Os melhores alunos dos países das Américas, Europa, Ásia e África e Pacífico Sul disputam medalhas em modalidades que correspondem a profissões técnicas da indústria e do setor de serviço. O processo é intenso e rigoroso, conta o diretor do Senai no Vale do Itajaí, Jacir Luiz Lenzi. São quatro dias para executar um projeto, em que a pessoa é avaliada a todo instante em vários aspectos, desde comportamento, método, qualidade no trabalho e criatividade. 

Sabrina tem que fazer desde a criação de uma peça de vestuário até a confecção. Como destaca o responsável pela unidade, o bom profissional sabe fazer todas as etapas, não é só desenhar e passar para alguém produzir.

– Renunciei muitas coisas para me dedicar à preparação para a olimpíada e a expectativa é ir ao mundial – destaca.

Quando o processo acabar, ela acredita que estará preparada para enfrentar o mercado de trabalho na Itália, local que pretende morar.

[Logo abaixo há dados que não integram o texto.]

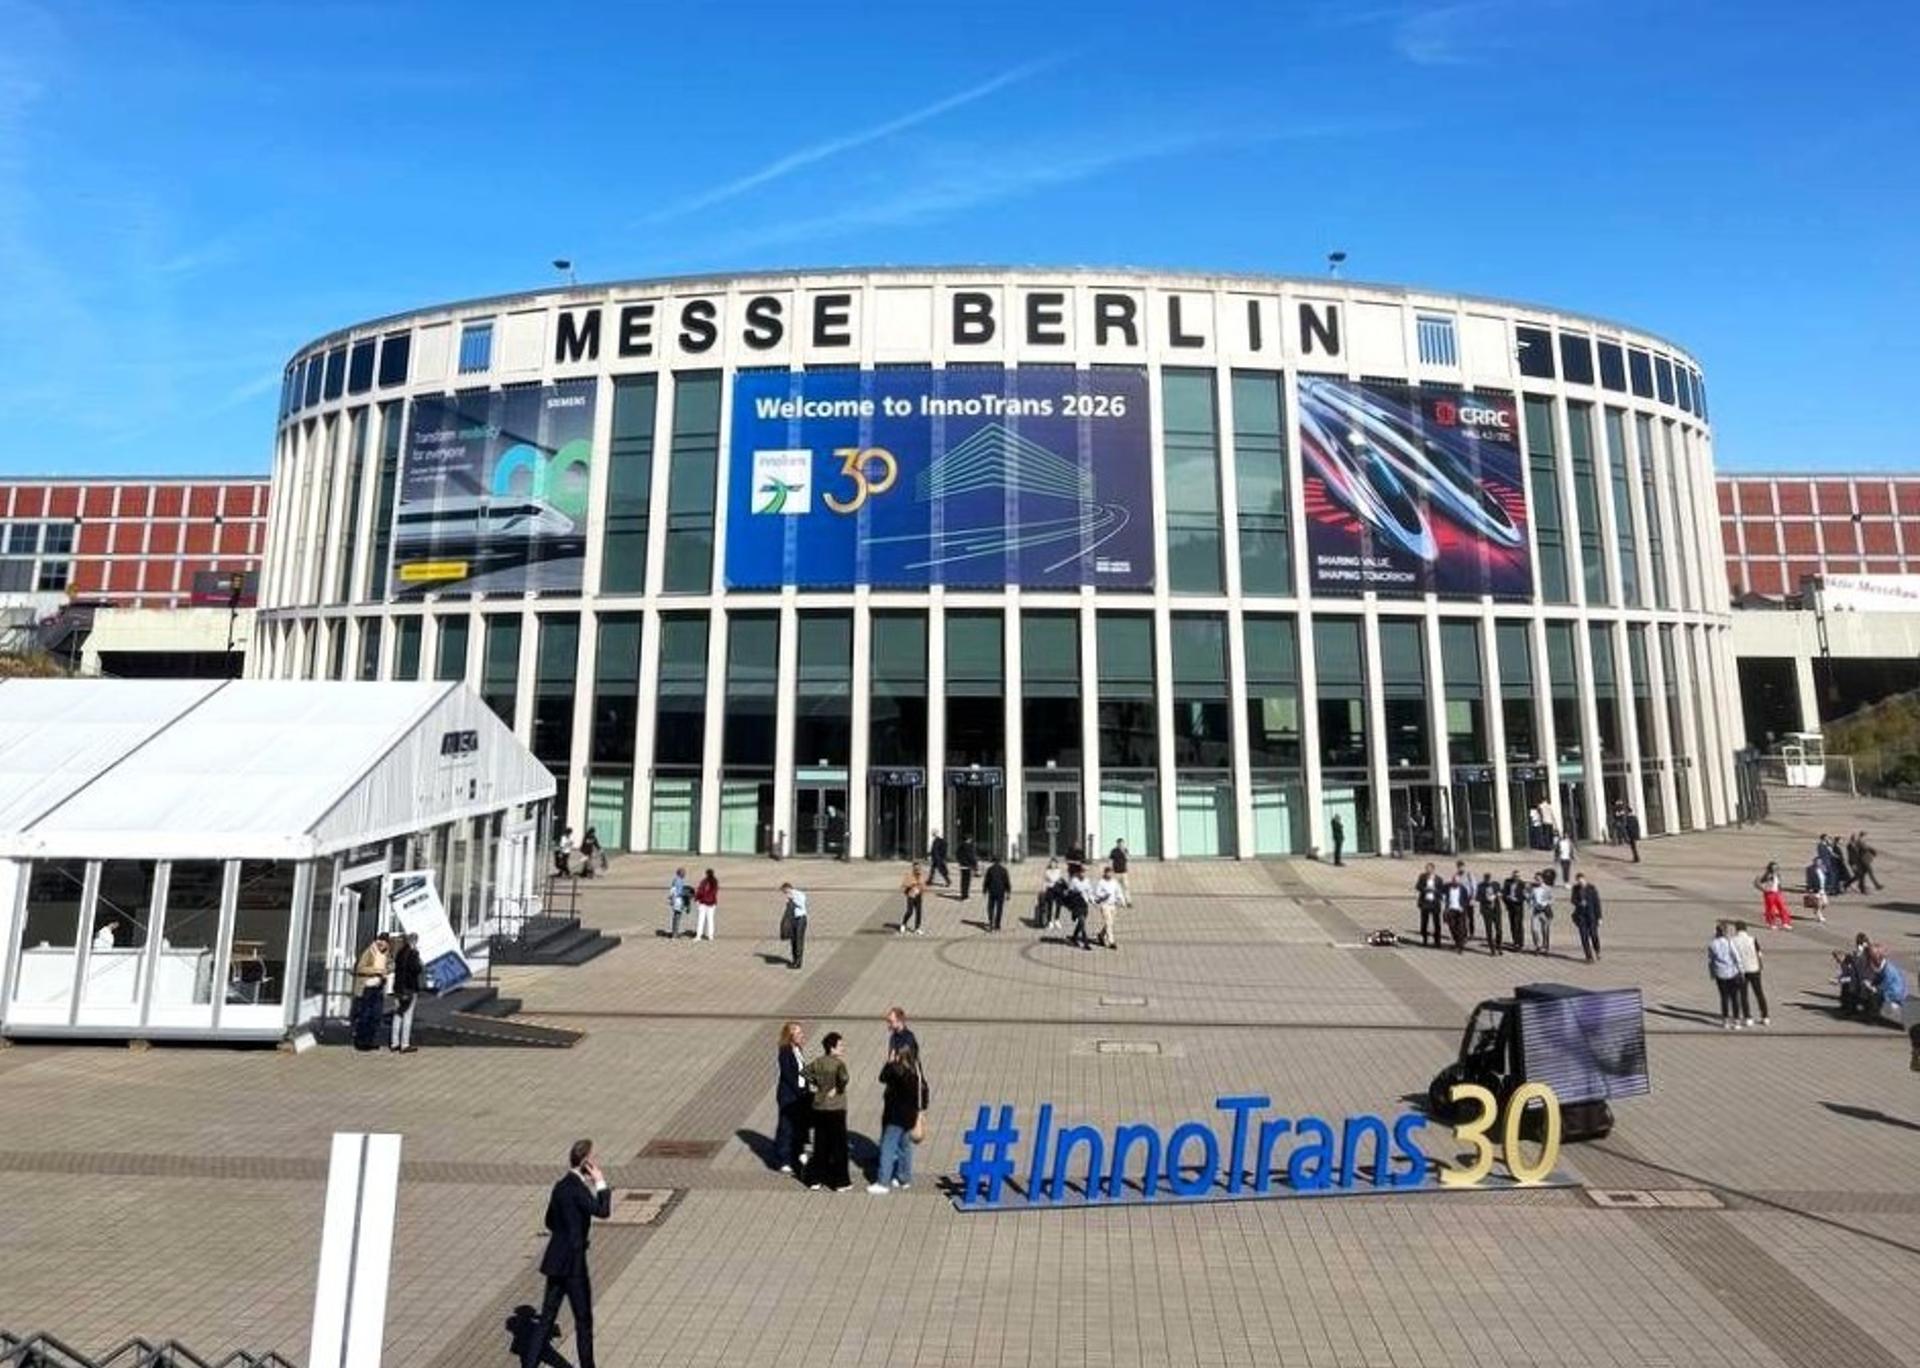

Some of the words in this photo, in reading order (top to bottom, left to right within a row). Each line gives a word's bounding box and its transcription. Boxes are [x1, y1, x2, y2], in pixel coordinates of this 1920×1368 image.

[555, 294, 852, 364] MESSE
[952, 292, 1341, 357] BERLIN
[755, 395, 875, 419] Welcome
[882, 395, 912, 416] to
[920, 394, 1053, 416] InnoTrans
[1061, 395, 1126, 417] 2026
[1459, 407, 1511, 428] CRRC
[822, 447, 898, 514] 30
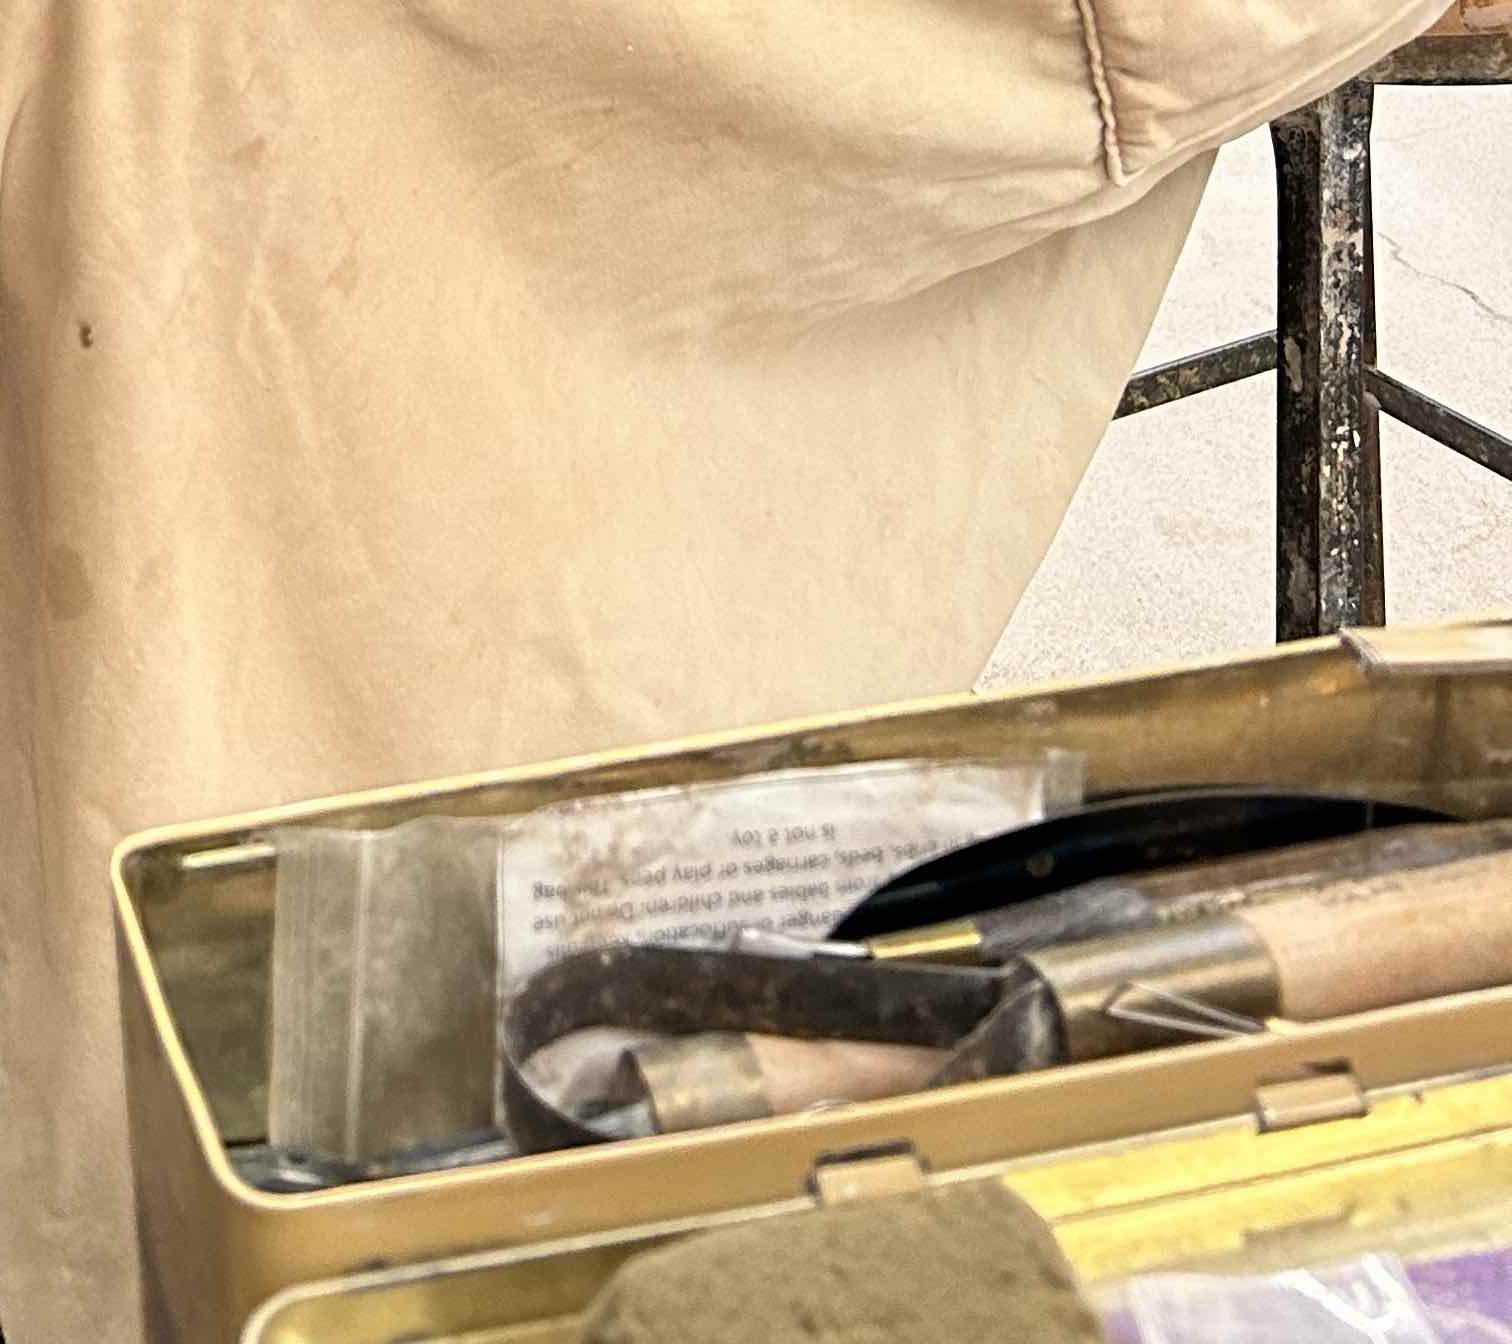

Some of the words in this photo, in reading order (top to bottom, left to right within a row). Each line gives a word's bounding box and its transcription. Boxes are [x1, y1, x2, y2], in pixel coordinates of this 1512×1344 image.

[767, 826, 780, 848] a
[784, 825, 819, 847] not
[821, 823, 836, 842] is
[671, 862, 713, 883] play
[718, 862, 738, 879] or
[742, 853, 832, 875] carriages
[729, 889, 766, 908] and

Conforme Lenzi, ótimas oportunidades profissionais não faltam para os alunos que chegam a disputar a WorldSkills. Segundo ele, o índice de empregabilidade de quem faz os cursos já é alto, mas quem participa das disputas é ainda mais almejado pelas empresas. 

Foi assim com Rafael Oening, 24 anos. Em 2015, ano em que o Brasil venceu o mundial de profissões com 27 medalhas, ele participou na ocupação Administração de Serviços de Rede, em São Paulo. Voltou para casa com medalha de excelência e a certeza de que viveu uma experiência fundamental para o sucesso profissional que tanto almeja e hoje considera alcançado.

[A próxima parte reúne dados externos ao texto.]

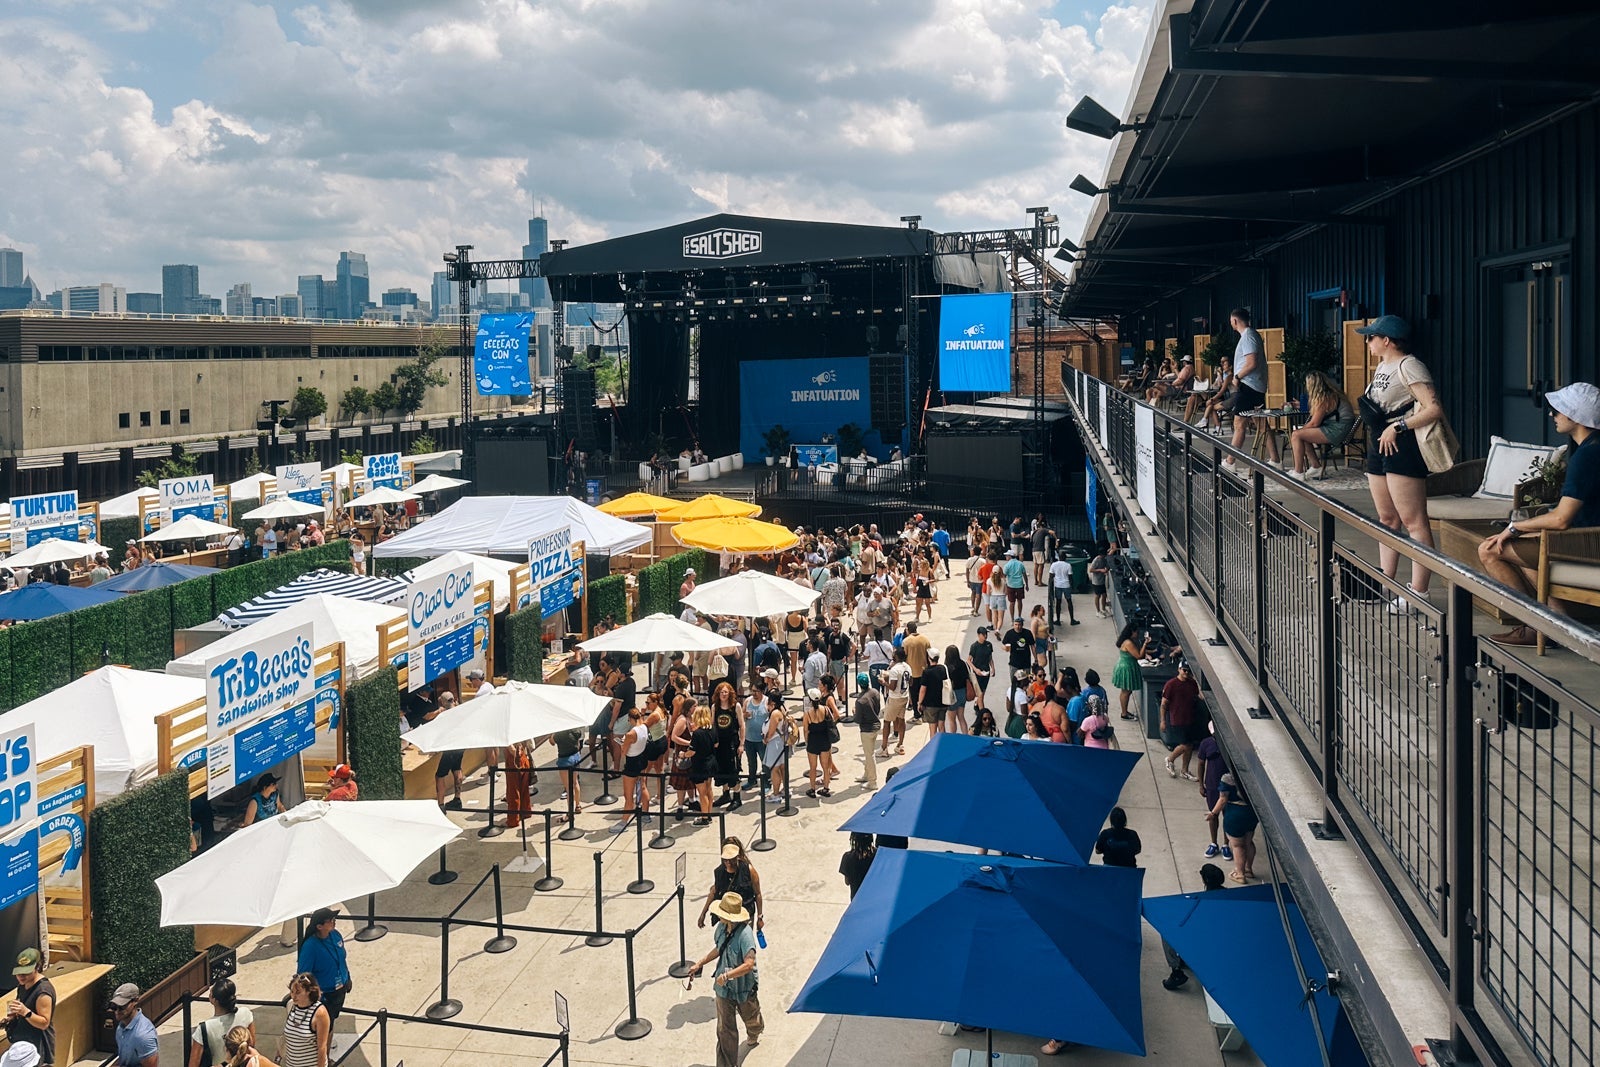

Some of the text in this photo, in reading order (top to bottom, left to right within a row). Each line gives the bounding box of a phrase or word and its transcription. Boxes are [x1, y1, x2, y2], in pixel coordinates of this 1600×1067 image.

[690, 232, 722, 255] SALT
[722, 231, 760, 255] SHED
[491, 350, 510, 360] CON
[945, 340, 1005, 351] INFATUATION
[791, 389, 860, 402] INFATUATION
[162, 479, 211, 497] TOMA
[530, 528, 571, 561] PROFESSOR
[531, 548, 572, 585] PIZZA
[411, 570, 472, 629] Ciao Ciao
[420, 611, 465, 638] GELATO & CAFE
[210, 635, 312, 709] TriBecca's
[217, 690, 274, 728] sandwich
[275, 679, 300, 703] shop
[320, 690, 331, 700] PICK
[331, 690, 337, 699] UP
[186, 750, 203, 765] HERE
[42, 788, 82, 811] Los Angeles, CA
[48, 815, 83, 850] ORDER HERE

– Como estava no início da minha carreira, a visibilidade pela competição favoreceu e gerou a oportunidade de ingresso no mercado de trabalho, conquistando uma boa colocação – esclarece.

Um representante de Blumenau está garantido

Se Sabrina vencer na ocupação de Moda, assim como o Oening conquistou a de Administração de Serviços de Rede, ela vai se juntar ao único representante de Blumenau já garantido para a WorldSkills 2019. Eduardo Mateus Hermann será o nome do Brasil na ocupação de Redes de Computadores. A meta é clara: superar os adversários de países como China, Japão e Rússia. Para isso, ele tem dedicado cerca de oito horas por dia aos estudos.

O time pode ser ampliado dependendo dos resultados finais dos alunos nas profissões de vitrinismo, solução de software, construção em alvenaria e construção em sistema de drywall.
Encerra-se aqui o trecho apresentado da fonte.